### EXERCISE DIRECTIONS
The whole listing below should be output again, word for word.

### SOURCE DATA
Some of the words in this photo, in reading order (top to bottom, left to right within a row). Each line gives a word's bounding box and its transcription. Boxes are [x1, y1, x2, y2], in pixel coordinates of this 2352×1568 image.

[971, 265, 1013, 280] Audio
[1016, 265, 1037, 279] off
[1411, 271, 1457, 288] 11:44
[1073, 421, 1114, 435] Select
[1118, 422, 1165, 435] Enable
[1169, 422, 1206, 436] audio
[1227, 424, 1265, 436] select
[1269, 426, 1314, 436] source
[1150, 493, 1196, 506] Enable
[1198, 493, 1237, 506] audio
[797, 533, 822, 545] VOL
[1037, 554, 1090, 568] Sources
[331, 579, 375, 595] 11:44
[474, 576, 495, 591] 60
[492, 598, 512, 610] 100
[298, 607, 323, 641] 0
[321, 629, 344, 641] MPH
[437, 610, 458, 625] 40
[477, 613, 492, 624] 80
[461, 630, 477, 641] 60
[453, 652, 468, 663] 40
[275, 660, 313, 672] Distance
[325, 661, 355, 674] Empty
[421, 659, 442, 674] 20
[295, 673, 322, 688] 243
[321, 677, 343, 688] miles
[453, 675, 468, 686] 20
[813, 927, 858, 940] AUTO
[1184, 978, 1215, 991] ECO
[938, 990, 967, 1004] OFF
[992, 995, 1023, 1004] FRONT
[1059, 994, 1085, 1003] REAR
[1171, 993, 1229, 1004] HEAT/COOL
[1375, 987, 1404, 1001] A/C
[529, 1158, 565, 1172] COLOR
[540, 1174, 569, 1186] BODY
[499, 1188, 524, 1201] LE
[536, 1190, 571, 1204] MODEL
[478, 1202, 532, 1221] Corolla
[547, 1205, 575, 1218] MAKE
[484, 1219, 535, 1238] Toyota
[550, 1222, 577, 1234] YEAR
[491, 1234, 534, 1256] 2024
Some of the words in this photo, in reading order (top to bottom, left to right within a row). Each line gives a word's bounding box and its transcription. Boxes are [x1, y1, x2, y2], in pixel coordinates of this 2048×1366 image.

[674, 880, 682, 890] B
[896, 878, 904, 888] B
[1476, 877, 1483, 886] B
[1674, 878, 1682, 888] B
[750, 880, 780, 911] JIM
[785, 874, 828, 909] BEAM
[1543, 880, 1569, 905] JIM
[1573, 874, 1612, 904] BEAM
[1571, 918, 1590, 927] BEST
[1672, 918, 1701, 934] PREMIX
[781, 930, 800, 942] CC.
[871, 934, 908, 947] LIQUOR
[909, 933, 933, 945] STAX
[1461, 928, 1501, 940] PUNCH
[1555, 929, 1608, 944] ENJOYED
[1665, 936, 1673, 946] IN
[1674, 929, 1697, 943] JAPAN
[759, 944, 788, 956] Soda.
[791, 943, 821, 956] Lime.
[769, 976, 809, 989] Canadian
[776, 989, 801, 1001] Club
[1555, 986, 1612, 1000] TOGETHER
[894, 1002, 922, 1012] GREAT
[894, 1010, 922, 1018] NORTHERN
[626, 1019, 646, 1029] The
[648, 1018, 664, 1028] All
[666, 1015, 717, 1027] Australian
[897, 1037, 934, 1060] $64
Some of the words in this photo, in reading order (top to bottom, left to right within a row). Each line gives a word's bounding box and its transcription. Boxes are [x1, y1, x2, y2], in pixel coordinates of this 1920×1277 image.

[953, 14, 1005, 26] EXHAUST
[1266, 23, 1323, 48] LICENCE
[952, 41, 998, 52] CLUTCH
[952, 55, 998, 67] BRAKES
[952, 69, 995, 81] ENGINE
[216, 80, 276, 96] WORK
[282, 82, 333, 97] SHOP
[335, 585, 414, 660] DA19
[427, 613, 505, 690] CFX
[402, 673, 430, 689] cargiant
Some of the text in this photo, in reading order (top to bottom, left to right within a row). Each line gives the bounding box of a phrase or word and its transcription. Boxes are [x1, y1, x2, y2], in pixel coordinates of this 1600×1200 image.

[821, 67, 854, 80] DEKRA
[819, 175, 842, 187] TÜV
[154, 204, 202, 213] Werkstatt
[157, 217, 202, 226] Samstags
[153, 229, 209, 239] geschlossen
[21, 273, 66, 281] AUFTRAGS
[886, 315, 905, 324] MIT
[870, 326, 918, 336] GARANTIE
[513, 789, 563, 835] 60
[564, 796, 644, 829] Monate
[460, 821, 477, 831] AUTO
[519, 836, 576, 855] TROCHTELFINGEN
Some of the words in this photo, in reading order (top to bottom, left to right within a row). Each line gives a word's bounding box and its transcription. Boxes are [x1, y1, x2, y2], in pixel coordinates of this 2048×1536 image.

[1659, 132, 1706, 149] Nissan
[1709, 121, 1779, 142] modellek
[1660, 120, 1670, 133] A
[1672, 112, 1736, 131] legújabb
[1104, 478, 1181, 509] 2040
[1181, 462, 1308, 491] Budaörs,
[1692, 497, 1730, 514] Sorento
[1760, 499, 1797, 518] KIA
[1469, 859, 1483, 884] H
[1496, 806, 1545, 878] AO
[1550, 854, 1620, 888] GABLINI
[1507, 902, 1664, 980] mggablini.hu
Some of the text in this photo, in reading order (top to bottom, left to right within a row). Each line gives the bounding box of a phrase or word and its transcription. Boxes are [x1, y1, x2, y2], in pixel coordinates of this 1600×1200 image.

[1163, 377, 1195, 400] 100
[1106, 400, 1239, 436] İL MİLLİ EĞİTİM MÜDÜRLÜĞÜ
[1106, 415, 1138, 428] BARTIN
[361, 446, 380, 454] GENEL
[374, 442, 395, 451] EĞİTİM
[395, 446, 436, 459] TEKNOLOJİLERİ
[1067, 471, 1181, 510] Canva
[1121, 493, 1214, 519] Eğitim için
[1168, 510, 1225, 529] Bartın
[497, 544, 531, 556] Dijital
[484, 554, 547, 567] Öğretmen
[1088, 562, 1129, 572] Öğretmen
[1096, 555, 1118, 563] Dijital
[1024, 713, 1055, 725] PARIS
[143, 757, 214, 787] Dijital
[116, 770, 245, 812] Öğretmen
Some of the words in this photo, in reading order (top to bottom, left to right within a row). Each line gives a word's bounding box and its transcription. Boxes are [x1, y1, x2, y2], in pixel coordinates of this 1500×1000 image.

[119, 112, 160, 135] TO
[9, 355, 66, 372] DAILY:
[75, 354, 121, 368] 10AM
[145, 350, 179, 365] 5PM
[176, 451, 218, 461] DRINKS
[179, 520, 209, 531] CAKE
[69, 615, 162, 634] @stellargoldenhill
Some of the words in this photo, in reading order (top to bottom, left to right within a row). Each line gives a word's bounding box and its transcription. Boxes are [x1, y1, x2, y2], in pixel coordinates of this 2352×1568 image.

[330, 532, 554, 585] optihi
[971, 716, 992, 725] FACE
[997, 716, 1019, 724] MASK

### OUTPUT
Some of the words in this photo, in reading order (top to bottom, left to right within a row). Each line gives a word's bounding box and its transcription. Boxes are [x1, y1, x2, y2], in pixel coordinates of this 2352×1568 image.

[971, 265, 1013, 280] Audio
[1016, 265, 1037, 279] off
[1411, 271, 1457, 288] 11:44
[1073, 421, 1114, 435] Select
[1118, 422, 1165, 435] Enable
[1169, 422, 1206, 436] audio
[1227, 424, 1265, 436] select
[1269, 426, 1314, 436] source
[1150, 493, 1196, 506] Enable
[1198, 493, 1237, 506] audio
[797, 533, 822, 545] VOL
[1037, 554, 1090, 568] Sources
[331, 579, 375, 595] 11:44
[474, 576, 495, 591] 60
[492, 598, 512, 610] 100
[298, 607, 323, 641] 0
[321, 629, 344, 641] MPH
[437, 610, 458, 625] 40
[477, 613, 492, 624] 80
[461, 630, 477, 641] 60
[453, 652, 468, 663] 40
[275, 660, 313, 672] Distance
[325, 661, 355, 674] Empty
[421, 659, 442, 674] 20
[295, 673, 322, 688] 243
[321, 677, 343, 688] miles
[453, 675, 468, 686] 20
[813, 927, 858, 940] AUTO
[1184, 978, 1215, 991] ECO
[938, 990, 967, 1004] OFF
[992, 995, 1023, 1004] FRONT
[1059, 994, 1085, 1003] REAR
[1171, 993, 1229, 1004] HEAT/COOL
[1375, 987, 1404, 1001] A/C
[529, 1158, 565, 1172] COLOR
[540, 1174, 569, 1186] BODY
[499, 1188, 524, 1201] LE
[536, 1190, 571, 1204] MODEL
[478, 1202, 532, 1221] Corolla
[547, 1205, 575, 1218] MAKE
[484, 1219, 535, 1238] Toyota
[550, 1222, 577, 1234] YEAR
[491, 1234, 534, 1256] 2024
Some of the words in this photo, in reading order (top to bottom, left to right within a row). Each line gives a word's bounding box and its transcription. Boxes are [x1, y1, x2, y2], in pixel coordinates of this 2048×1366 image.

[674, 880, 682, 890] B
[896, 878, 904, 888] B
[1476, 877, 1483, 886] B
[1674, 878, 1682, 888] B
[750, 880, 780, 911] JIM
[785, 874, 828, 909] BEAM
[1543, 880, 1569, 905] JIM
[1573, 874, 1612, 904] BEAM
[1571, 918, 1590, 927] BEST
[1672, 918, 1701, 934] PREMIX
[781, 930, 800, 942] CC.
[871, 934, 908, 947] LIQUOR
[909, 933, 933, 945] STAX
[1461, 928, 1501, 940] PUNCH
[1555, 929, 1608, 944] ENJOYED
[1665, 936, 1673, 946] IN
[1674, 929, 1697, 943] JAPAN
[759, 944, 788, 956] Soda.
[791, 943, 821, 956] Lime.
[769, 976, 809, 989] Canadian
[776, 989, 801, 1001] Club
[1555, 986, 1612, 1000] TOGETHER
[894, 1002, 922, 1012] GREAT
[894, 1010, 922, 1018] NORTHERN
[626, 1019, 646, 1029] The
[648, 1018, 664, 1028] All
[666, 1015, 717, 1027] Australian
[897, 1037, 934, 1060] $64
Some of the words in this photo, in reading order (top to bottom, left to right within a row). Each line gives a word's bounding box and its transcription. Boxes are [x1, y1, x2, y2], in pixel coordinates of this 1920×1277 image.

[953, 14, 1005, 26] EXHAUST
[1266, 23, 1323, 48] LICENCE
[952, 41, 998, 52] CLUTCH
[952, 55, 998, 67] BRAKES
[952, 69, 995, 81] ENGINE
[216, 80, 276, 96] WORK
[282, 82, 333, 97] SHOP
[335, 585, 414, 660] DA19
[427, 613, 505, 690] CFX
[402, 673, 430, 689] cargiant
Some of the text in this photo, in reading order (top to bottom, left to right within a row). Each line gives the bounding box of a phrase or word and its transcription. Boxes are [x1, y1, x2, y2], in pixel coordinates of this 1600×1200 image.

[821, 67, 854, 80] DEKRA
[819, 175, 842, 187] TÜV
[154, 204, 202, 213] Werkstatt
[157, 217, 202, 226] Samstags
[153, 229, 209, 239] geschlossen
[21, 273, 66, 281] AUFTRAGS
[886, 315, 905, 324] MIT
[870, 326, 918, 336] GARANTIE
[513, 789, 563, 835] 60
[564, 796, 644, 829] Monate
[460, 821, 477, 831] AUTO
[519, 836, 576, 855] TROCHTELFINGEN
Some of the words in this photo, in reading order (top to bottom, left to right within a row). Each line gives a word's bounding box and its transcription. Boxes are [x1, y1, x2, y2], in pixel coordinates of this 2048×1536 image.

[1659, 132, 1706, 149] Nissan
[1709, 121, 1779, 142] modellek
[1660, 120, 1670, 133] A
[1672, 112, 1736, 131] legújabb
[1104, 478, 1181, 509] 2040
[1181, 462, 1308, 491] Budaörs,
[1692, 497, 1730, 514] Sorento
[1760, 499, 1797, 518] KIA
[1469, 859, 1483, 884] H
[1496, 806, 1545, 878] AO
[1550, 854, 1620, 888] GABLINI
[1507, 902, 1664, 980] mggablini.hu
Some of the text in this photo, in reading order (top to bottom, left to right within a row). Each line gives the bounding box of a phrase or word and its transcription. Boxes are [x1, y1, x2, y2], in pixel coordinates of this 1600×1200 image.

[1163, 377, 1195, 400] 100
[1106, 400, 1239, 436] İL MİLLİ EĞİTİM MÜDÜRLÜĞÜ
[1106, 415, 1138, 428] BARTIN
[361, 446, 380, 454] GENEL
[374, 442, 395, 451] EĞİTİM
[395, 446, 436, 459] TEKNOLOJİLERİ
[1067, 471, 1181, 510] Canva
[1121, 493, 1214, 519] Eğitim için
[1168, 510, 1225, 529] Bartın
[497, 544, 531, 556] Dijital
[484, 554, 547, 567] Öğretmen
[1088, 562, 1129, 572] Öğretmen
[1096, 555, 1118, 563] Dijital
[1024, 713, 1055, 725] PARIS
[143, 757, 214, 787] Dijital
[116, 770, 245, 812] Öğretmen
Some of the words in this photo, in reading order (top to bottom, left to right within a row). Each line gives a word's bounding box and its transcription. Boxes are [x1, y1, x2, y2], in pixel coordinates of this 1500×1000 image.

[119, 112, 160, 135] TO
[9, 355, 66, 372] DAILY:
[75, 354, 121, 368] 10AM
[145, 350, 179, 365] 5PM
[176, 451, 218, 461] DRINKS
[179, 520, 209, 531] CAKE
[69, 615, 162, 634] @stellargoldenhill
Some of the words in this photo, in reading order (top to bottom, left to right within a row). Each line gives a word's bounding box and its transcription. Boxes are [x1, y1, x2, y2], in pixel coordinates of this 2352×1568 image.

[330, 532, 554, 585] optihi
[971, 716, 992, 725] FACE
[997, 716, 1019, 724] MASK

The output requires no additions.